§ **Task brief**:
An exact copy of the data is needed, one that excludes all pictures.

§ **Data shown**:
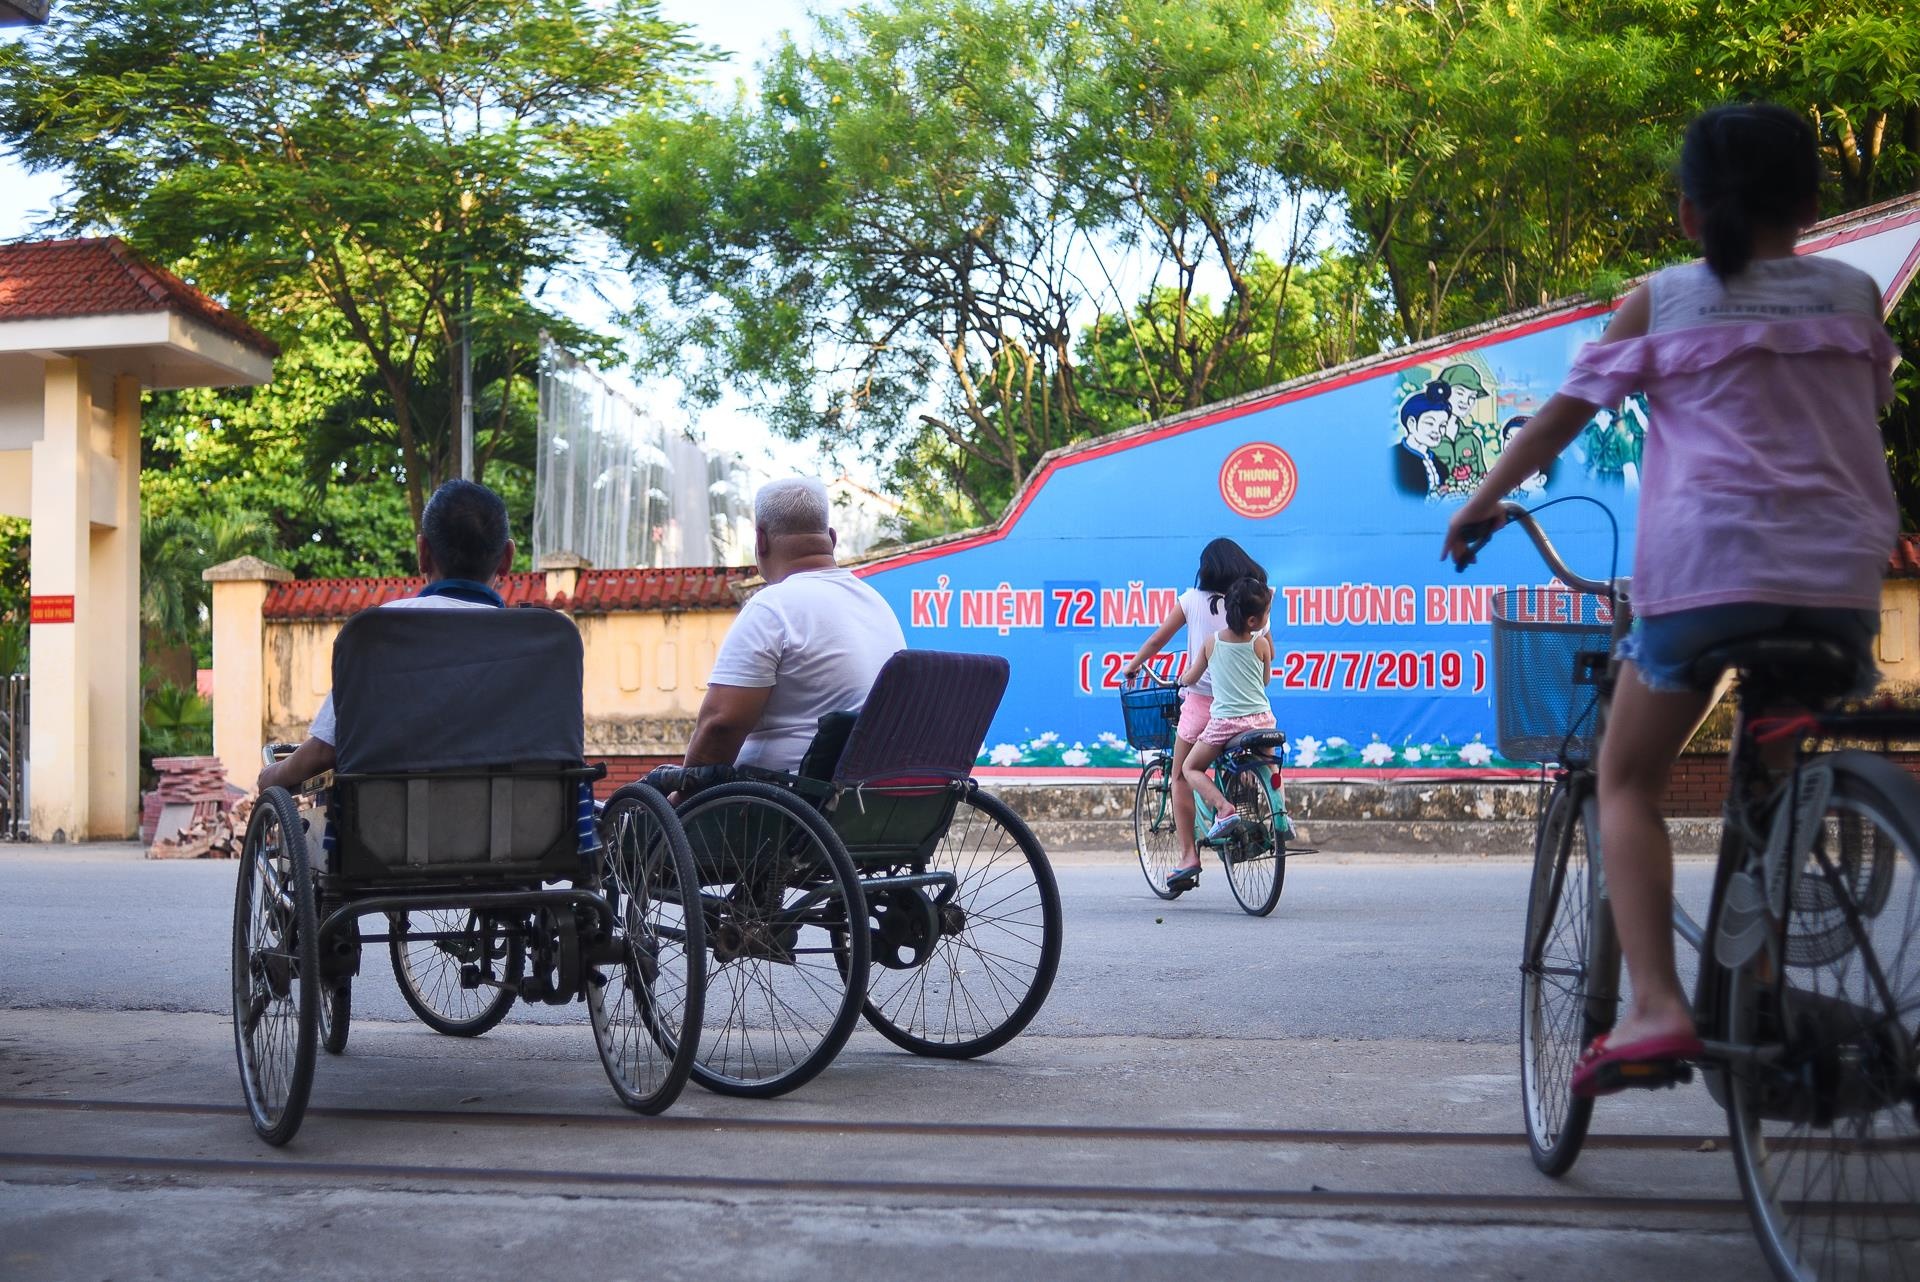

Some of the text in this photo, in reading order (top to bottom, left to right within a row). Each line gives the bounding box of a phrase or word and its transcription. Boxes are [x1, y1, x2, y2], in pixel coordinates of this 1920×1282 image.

[1245, 486, 1271, 498] BINH
[911, 576, 951, 627] KỶ
[961, 583, 1044, 635] NIỆM
[1053, 590, 1095, 626] 72
[1102, 582, 1177, 627] NĂM
[1284, 583, 1415, 625] THƯƠNG
[1425, 586, 1506, 625] BINH
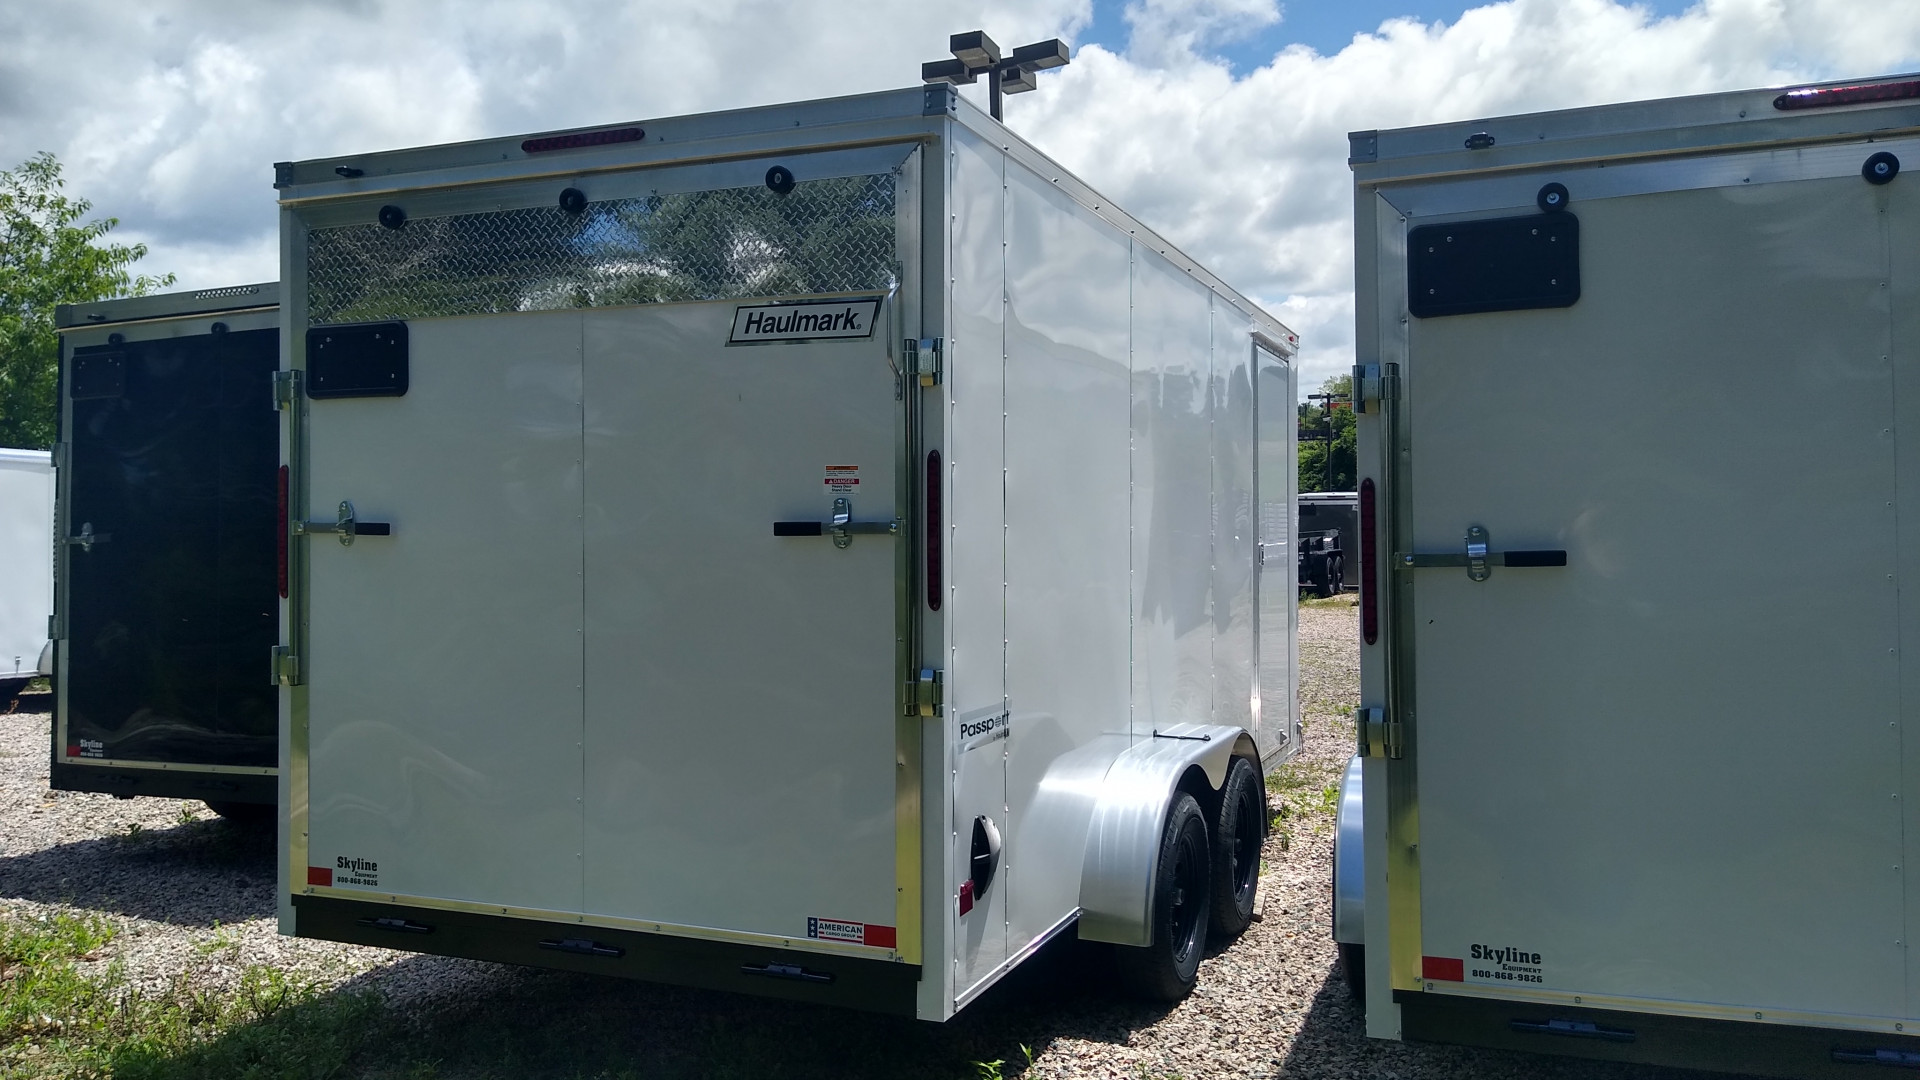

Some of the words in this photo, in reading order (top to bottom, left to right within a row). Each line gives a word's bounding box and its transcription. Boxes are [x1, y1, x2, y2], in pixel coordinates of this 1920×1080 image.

[744, 307, 860, 334] Haulmark
[960, 710, 1009, 740] Passport
[80, 739, 103, 749] Skyline
[337, 856, 378, 872] Skyline
[337, 876, 378, 886] 800-868-9826
[819, 923, 862, 934] AMERICAN
[1470, 944, 1542, 965] Skyline
[1472, 969, 1543, 983] 800-868-9826

§ **Result of the exercise**:
Some of the text in this photo, in reading order (top to bottom, left to right within a row). Each line gives the bounding box of a phrase or word and its transcription. Boxes are [x1, y1, x2, y2], in pixel coordinates of this 1920×1282 image.

[1245, 486, 1271, 498] BINH
[911, 576, 951, 627] KỶ
[961, 583, 1044, 635] NIỆM
[1053, 590, 1095, 626] 72
[1102, 582, 1177, 627] NĂM
[1284, 583, 1415, 625] THƯƠNG
[1425, 586, 1506, 625] BINH

Some of the words in this photo, in reading order (top to bottom, left to right within a row). Each line gives a word's bounding box and its transcription. Boxes are [x1, y1, x2, y2], in pixel coordinates of this 1920×1080 image.

[744, 307, 860, 334] Haulmark
[960, 710, 1009, 740] Passport
[80, 739, 103, 749] Skyline
[337, 856, 378, 872] Skyline
[337, 876, 378, 886] 800-868-9826
[819, 923, 862, 934] AMERICAN
[1470, 944, 1542, 965] Skyline
[1472, 969, 1543, 983] 800-868-9826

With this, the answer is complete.